The early and late style blocks have different engine mounting bosses, so interchangeability of late block to early chassis and vice versa may come up. Some early and late blocks have provisions for both. Really early and really late blocks do not have these provisions. When preparing an engine, make sure that the block has the correct mounting boss- or else you will have to deal with modifying them mounts.
The 22RTE with forged pistons will survive 25 lbs! A metal head gasket is required.
CYLINDER HEAD: It is mandatory to port all the heads. Big valves are also necessary to achieve and maximize the flow. Avoid cutting more than .50mm since valve clearance may be a problem with some piston combinations. Tri-Y headers work the best because they complement the wide torque band of these engines. If you are converting into the 20R head make sure that the 20R head has provisions for power steering (if you have power steering).
The choice in camshafts from many sources, must be carefully considered. High lift and long duration cams may affect the rocker arm geometry (and oil spraying function of the oil feed). Unless you take the time to ensure that the rocker arms are repositioned correctly (modifying the rocker assembly) do not even attempt. The long stroke / low RPM design of the engine dictates very mild cam lift and duration. You cannot redesign an engine with camshafts! Mild cams up to about 280 duration will work with the EFI with some adjustments to the AFM (air flow meter).
Stiffer valve springs are a safeguard from valve-float, but will not enhance performance since the best cam profiles will run fine with stock valve springs. An adjustable camshaft gear will allow the most accurate setting (remember that a Celica is totally different from a 4WD Pick-up).

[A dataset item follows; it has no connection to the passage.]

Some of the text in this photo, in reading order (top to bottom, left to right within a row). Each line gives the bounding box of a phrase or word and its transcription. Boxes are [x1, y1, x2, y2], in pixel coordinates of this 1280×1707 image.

There are no TwinCam heads available for these engines.
The 22RTE head chambers can be opened to lower compression and increase the flow. Big valves should also be considered, but not obligatory since this is forced induction.

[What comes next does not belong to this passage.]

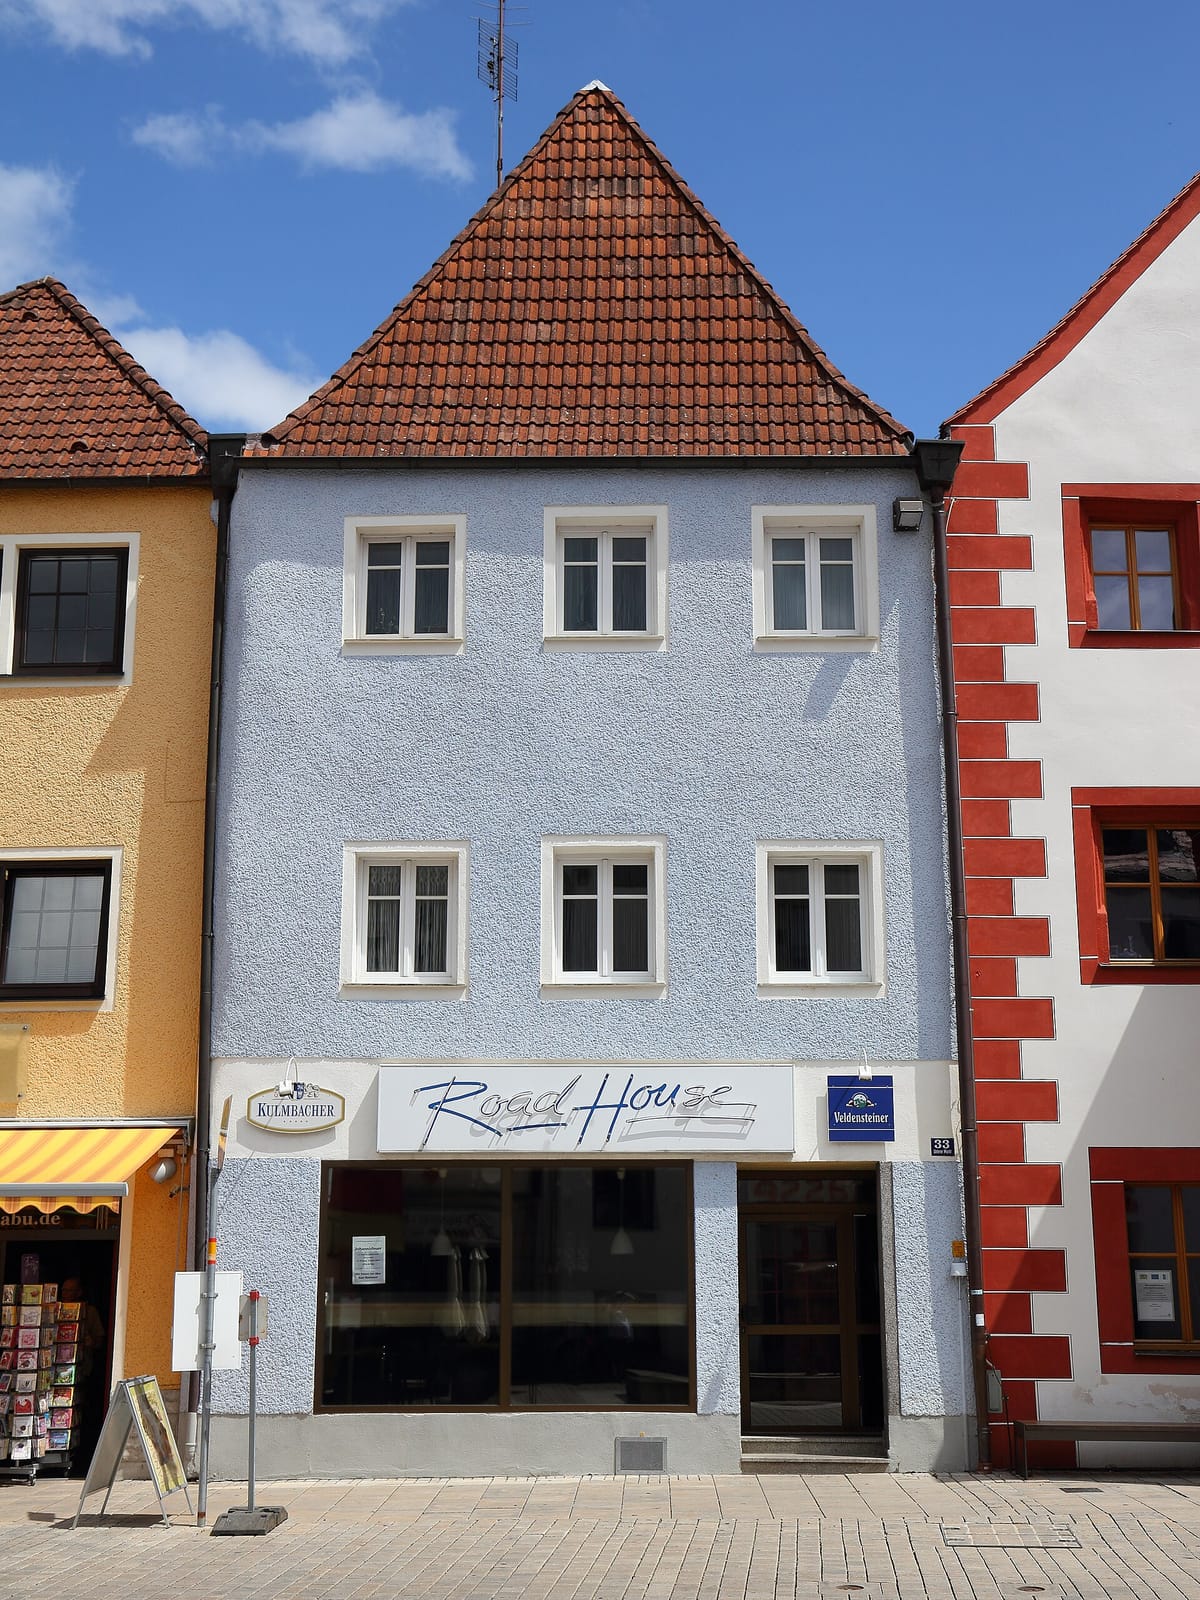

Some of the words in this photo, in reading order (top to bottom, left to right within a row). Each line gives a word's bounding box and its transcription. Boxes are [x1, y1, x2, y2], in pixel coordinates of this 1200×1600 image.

FUEL SYSTEM: Twin side draft carburetors are a natural choice, but the EFI system will work excellent if the vehicle is originally equipped with one. (Some manifolds for the dual carbs have poorly designed water outlets that may cause overheating.) Long duration cams will seriously affect EFI engines, since combustion pressure drop dramatically even with high compression pistons. A fuel pressure adjuster may be needed. The Weber 32/36 or 38DPS are good upgrades for single carb set-ups. For carburetors, use a low pressure, high volume fuel pumps. Do not try to regulate lower fuel pressure with an adjuster because volume will also decrease. A fuel return line is mandatory to allow the fuel pump and carburetor to function properly. For any kind of performance do not rely on Toyota's mechanical or electric pump, they do not have enough volume. The 22RTE with any upgrade will need a higher output pump. The fuel pressure regulator should also be upgraded.
TURBO UPGRADE: The 22RTE needs forged pistons for any serious performance upgrade. The CT26 Supra Turbo (not the MR2/AllTrac) can be installed with minor fabrication. With boost controller, upgraded fuel delivery, 3" exhaust system, and intercooler- the 22RTE will put out in excess of 350HP, at about 25 psi!

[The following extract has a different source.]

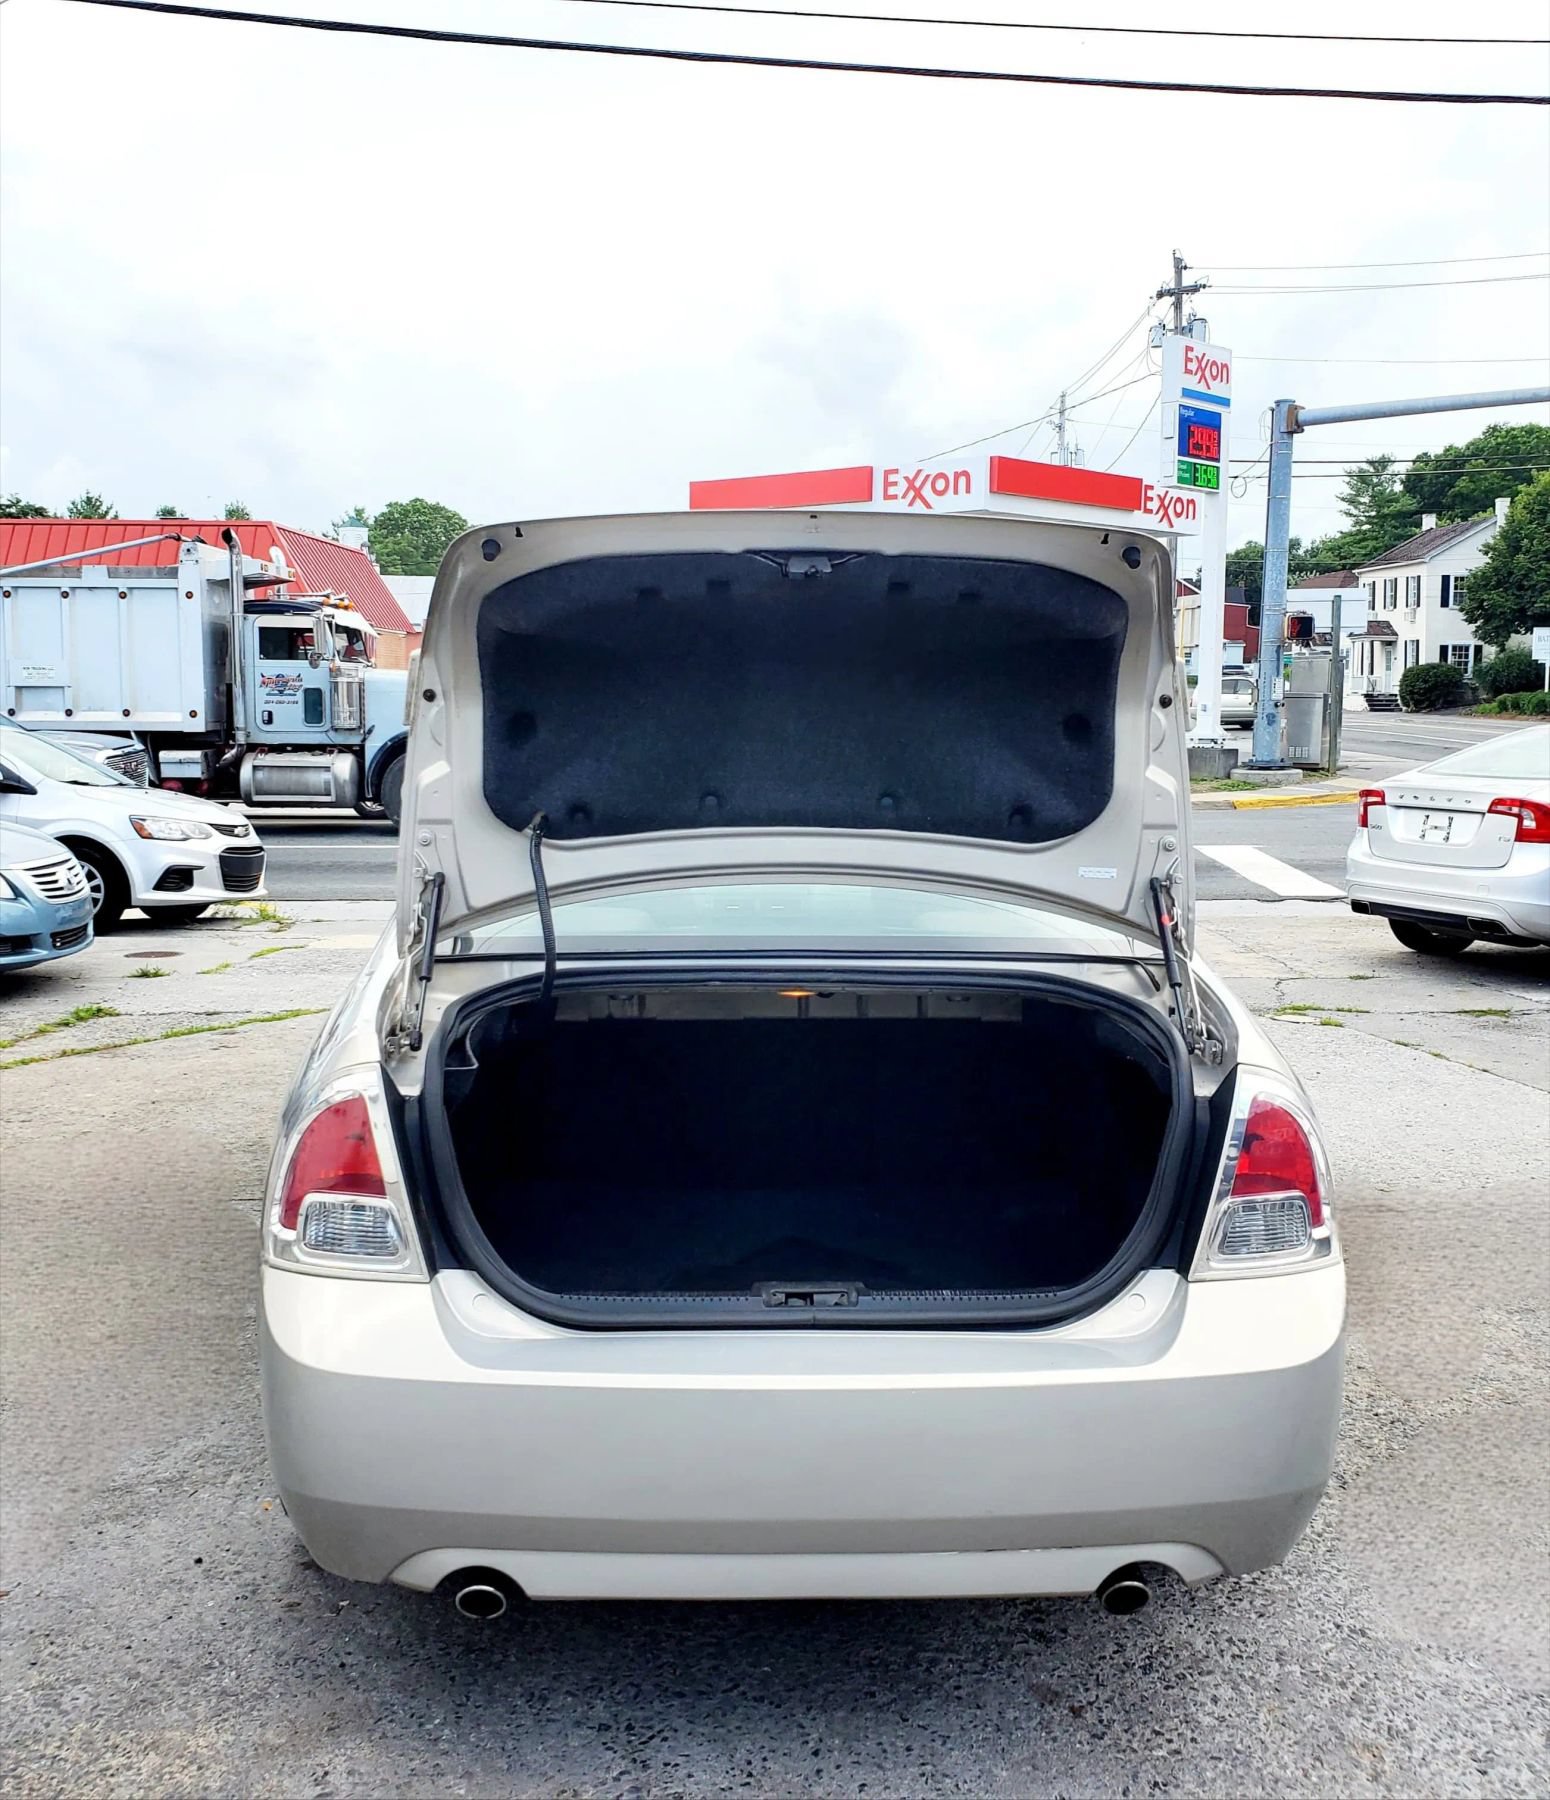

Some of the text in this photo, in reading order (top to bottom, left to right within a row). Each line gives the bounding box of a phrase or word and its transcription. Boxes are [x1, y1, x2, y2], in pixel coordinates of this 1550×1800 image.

Normally aspirated 20R / 22R engines can be turbocharged without too much problems. The stock pistons have to be replaced with low compression forged units.
IGNITION SYSTEM: The basic ignition unit was designed for low revving conditions. The electronics must be updated to the performance level intended for the engines. EFI engines converted to carburetors must use carburetor style distributors. Ignition amplifiers and knock sensors must be used to avoid high RPM misfires and detonation.